In a divorce, it’s vital that you have a good understanding of your income and your spouse’s income, and part of that is knowing how to read Form W-2. If you earned any money as an employee, your employer is required to provide you with a copy of Form W-2. Form W-2 reports the entire amount earnings you received in a calendar year and includes wages, salaries, and tips. A W-2 also reports the amount of tax withholdings you’ve had throughout the year. Form W-2 is to be distributed by employers no later than January 31 of each year for all reported wages, salaries, and tips earned in the previous calendar year. If January 31 falls on a weekend, employers have until the next business day to do so.
Don’t worry, you don’t need to become a CPA or tax expert in order to protect yourself in a divorce. It is, however, a good idea to have a basic knowledge of what to look for when reading a Form W-2. Although W-2s come in a variety of sizes, shapes, and formats, every W-2 contains the exact same information. Here’s the most important information you need to know for purposes of your divorce when reviewing Form W-2:
The Basics
Box 1: Wages, tips, and other compensation. This amount reflects the total taxable wages or salary for federal income tax purposes. Often times, people confuse this amount with gross income for purposes of calculating support, which is a mistake! If the employee had pre-tax benefits, such as health insurance or voluntary contributions to a retirement plan, this number is actually lower than the amount of gross salary. Especially in cases where you are reading your spouse’s W-2, it is imperative that you know what his or her actual gross income is, as this number impacts both child and spousal support.
Box 3: Social Security wages. You might notice that this amount is higher than Box 1. If that is the case, that is because that amount is calculated before any payroll deductions are taken. Assuming the total gross income received was less than $113,700 (as of 2013), this is an accurate number to use for purposes of calculating gross income for purposes of child and spousal support. If the amount is lower than Box 1, it’s because the employee is a high earner whose income exceeds the maximum Social Security wage base.

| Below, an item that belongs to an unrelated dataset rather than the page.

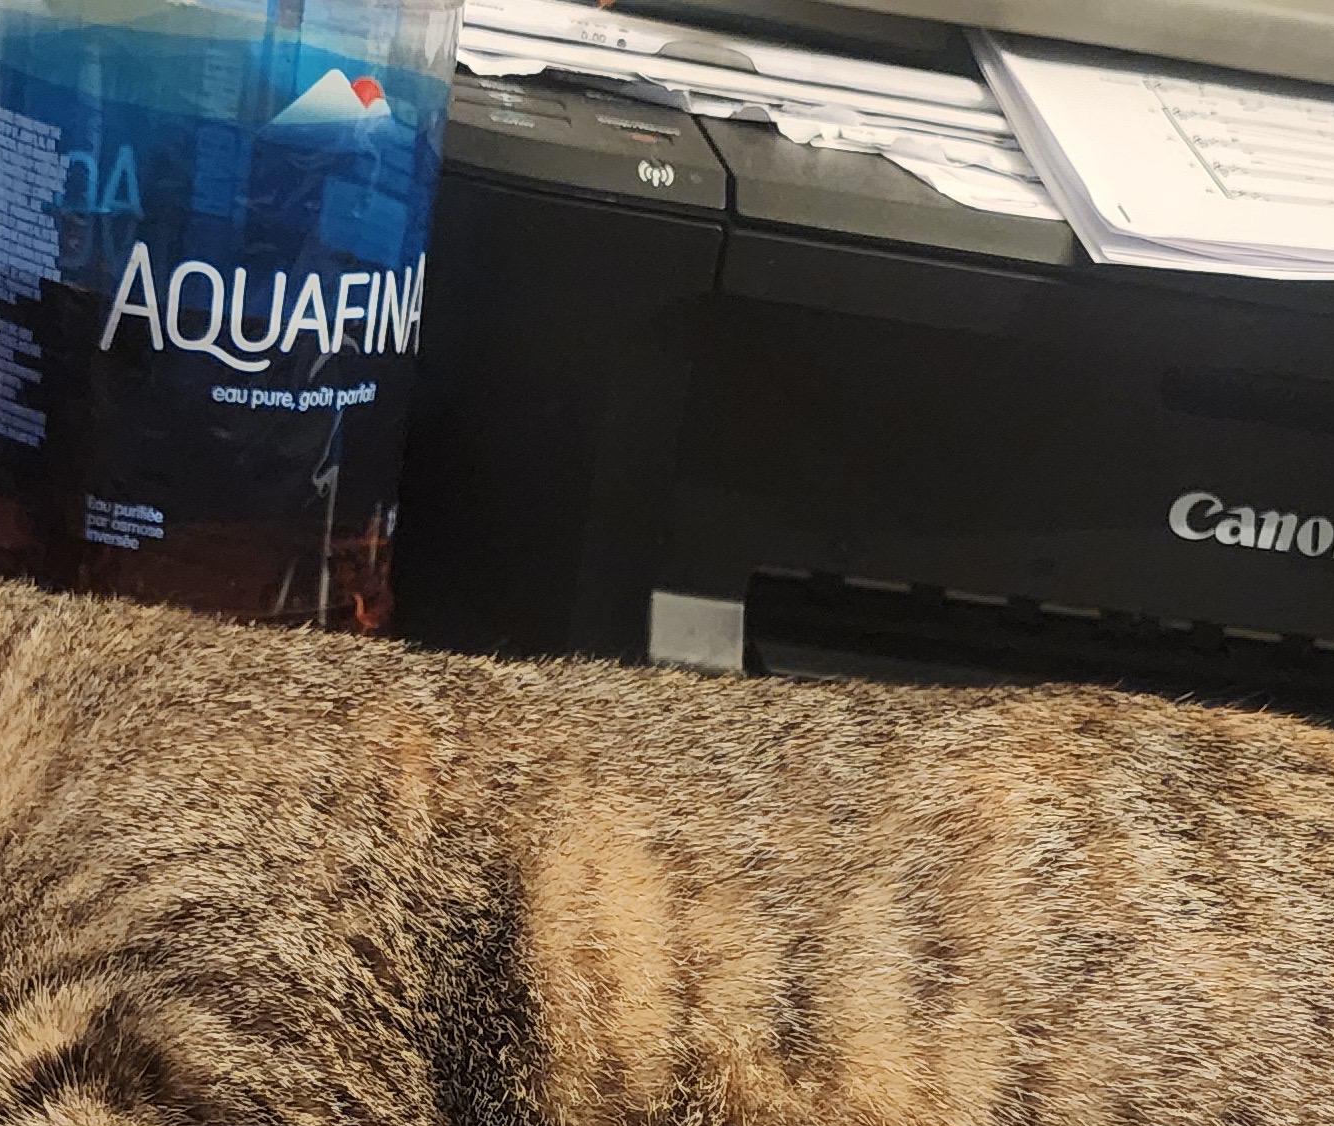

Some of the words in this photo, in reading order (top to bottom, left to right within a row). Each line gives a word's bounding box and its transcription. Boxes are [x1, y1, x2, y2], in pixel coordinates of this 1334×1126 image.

Box 5: Medicare wages. This box often contains the highest amount on the W-2. Medicare taxes generally do not include any pretax deductions and does include most taxable benefits. Additionally, there is no cap for Medicare taxes, unlike Social Security wages. Often times, this box is a good “shortcut” for quickly estimating someone’s gross base income.
Box 12: Deferred Compensation and Other Compensation. There are a variety of compensation and benefits that are reported in Box 12, and each type of compensation has its own lettered code. For most people, codes D, E, and G are most common, as they relate to voluntary non-taxable salary deferrals to retirement accounts such as a 401(k), 403(b), or 457(b). This amount should be added to the amount in Box 1 to help calculate total gross income.
Last Words of Advice . . .
Remember that a W-2 is only part of someone’s income. In order to truly understand a person’s full financial picture, it’s important to review year-end paycheck stubs and the tax returns with all applicable attachments in addition t a W-2. While your attorney’s job is to calculate your income and your spouse’s income, it is always best for you to understand at least the basics of how your attorney has come up with these figures.